_Work required_
The data must be given again exactly as written, with all images omitted.

_Records to use_

_ _ _

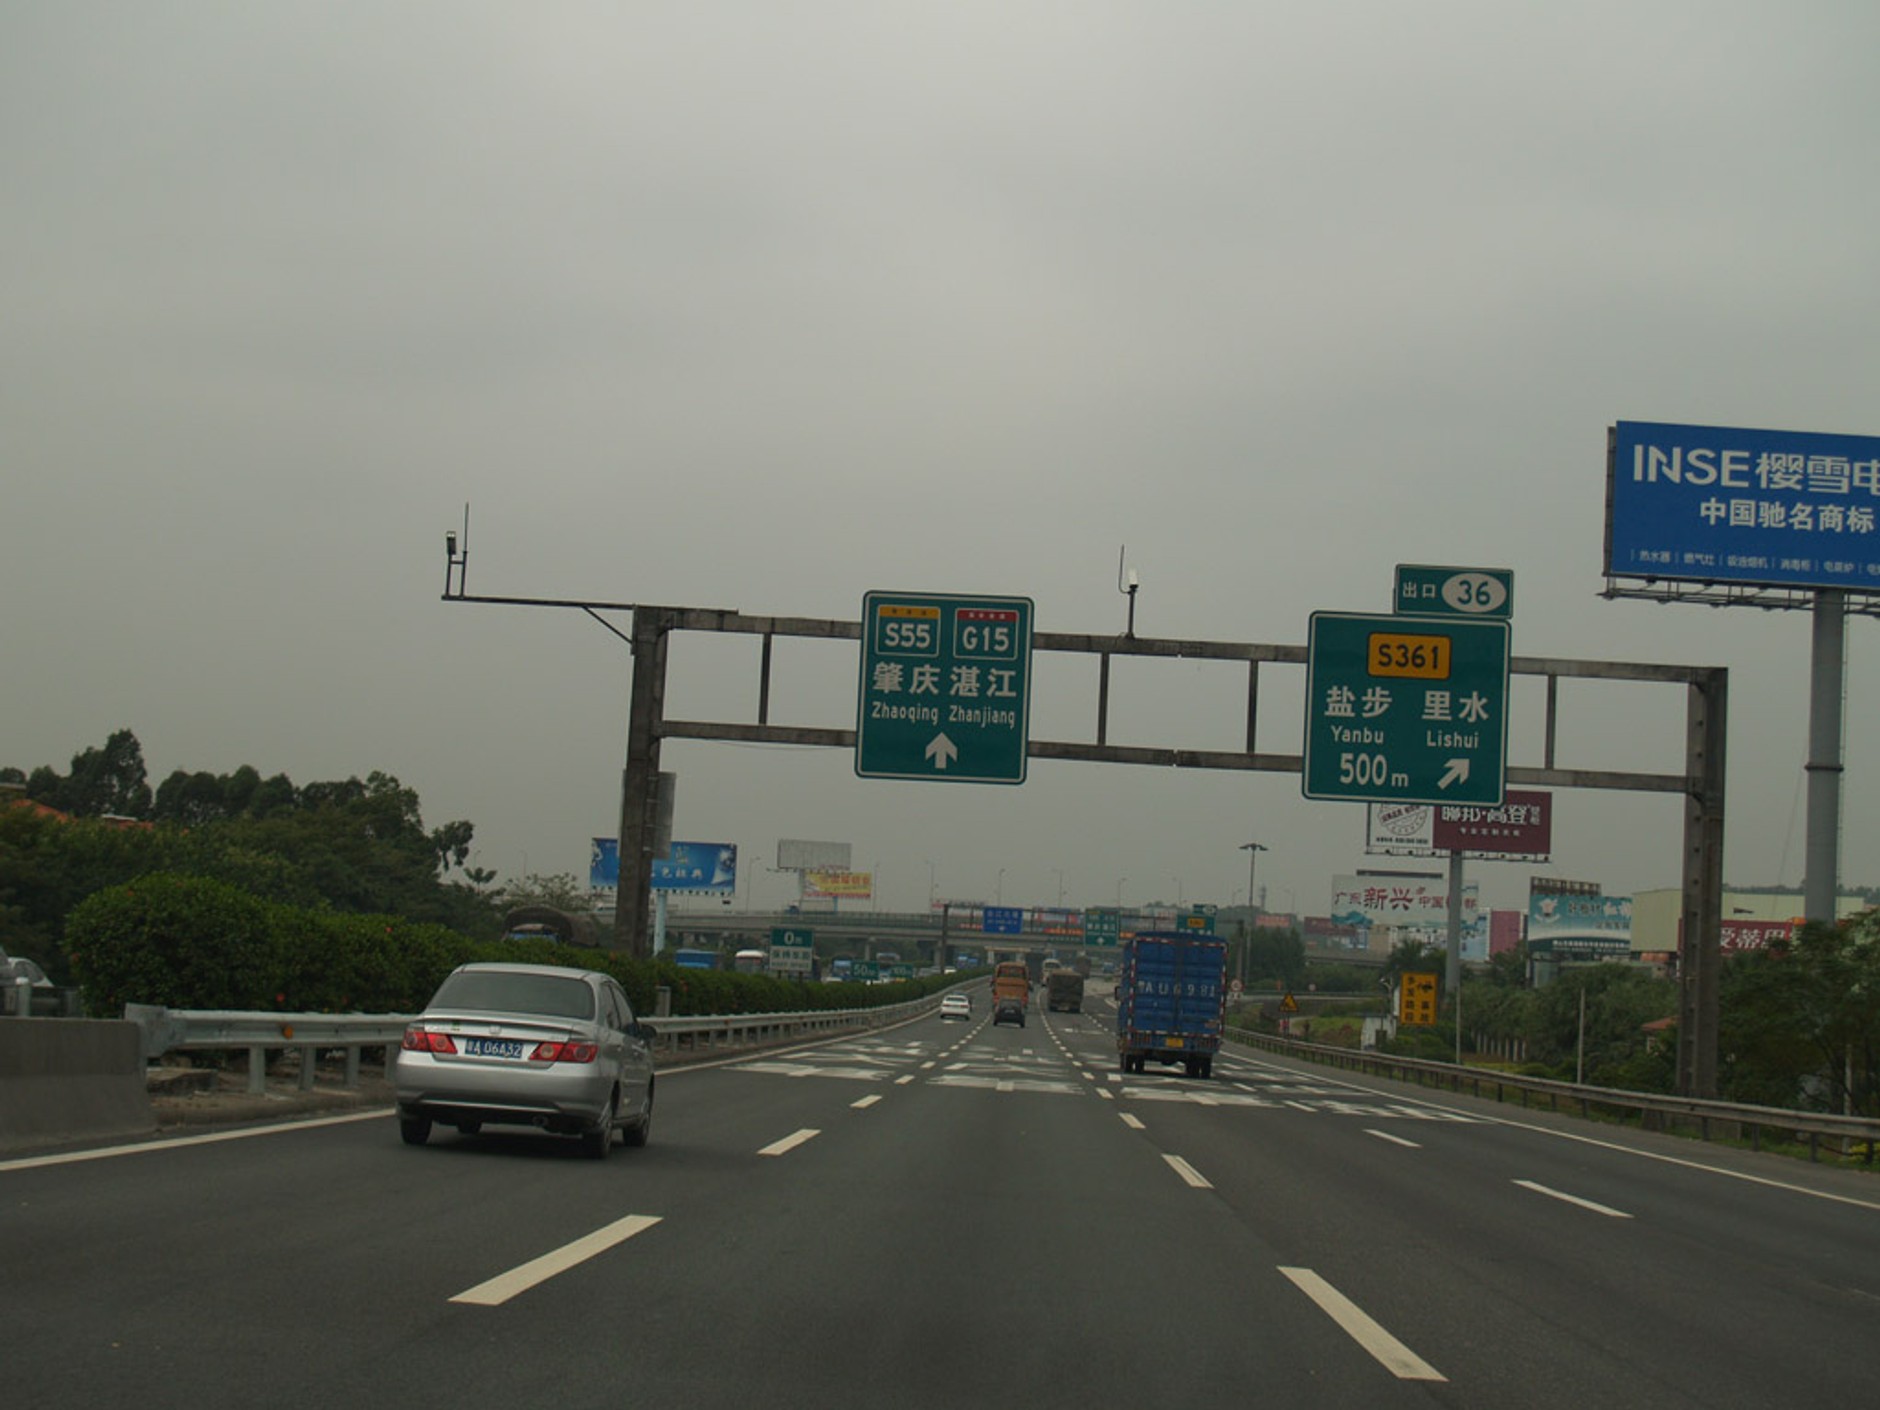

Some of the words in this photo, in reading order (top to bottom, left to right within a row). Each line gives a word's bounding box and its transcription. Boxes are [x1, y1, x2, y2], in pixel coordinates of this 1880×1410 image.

[1700, 497, 1875, 534] 中国驰名商标
[1402, 581, 1436, 598] 出口
[1457, 579, 1491, 606] 36
[884, 622, 931, 648] S55
[962, 626, 1009, 652] G15
[1377, 643, 1440, 669] S361
[872, 661, 941, 695] 肇庆
[950, 665, 1017, 697] 湛江
[871, 701, 939, 726] Zhaoqing
[949, 705, 1016, 730] Zhanjiang
[1324, 686, 1393, 719] 盐步
[1421, 690, 1489, 724] 里水
[1330, 725, 1384, 745] Yanbu
[1426, 730, 1479, 749] Lishui

_ _ _

_Solved exercise_
Some of the words in this photo, in reading order (top to bottom, left to right within a row). Each line gives a word's bounding box and its transcription. Boxes are [x1, y1, x2, y2], in pixel coordinates of this 1880×1410 image.

[1700, 497, 1875, 534] 中国驰名商标
[1402, 581, 1436, 598] 出口
[1457, 579, 1491, 606] 36
[884, 622, 931, 648] S55
[962, 626, 1009, 652] G15
[1377, 643, 1440, 669] S361
[872, 661, 941, 695] 肇庆
[950, 665, 1017, 697] 湛江
[871, 701, 939, 726] Zhaoqing
[949, 705, 1016, 730] Zhanjiang
[1324, 686, 1393, 719] 盐步
[1421, 690, 1489, 724] 里水
[1330, 725, 1384, 745] Yanbu
[1426, 730, 1479, 749] Lishui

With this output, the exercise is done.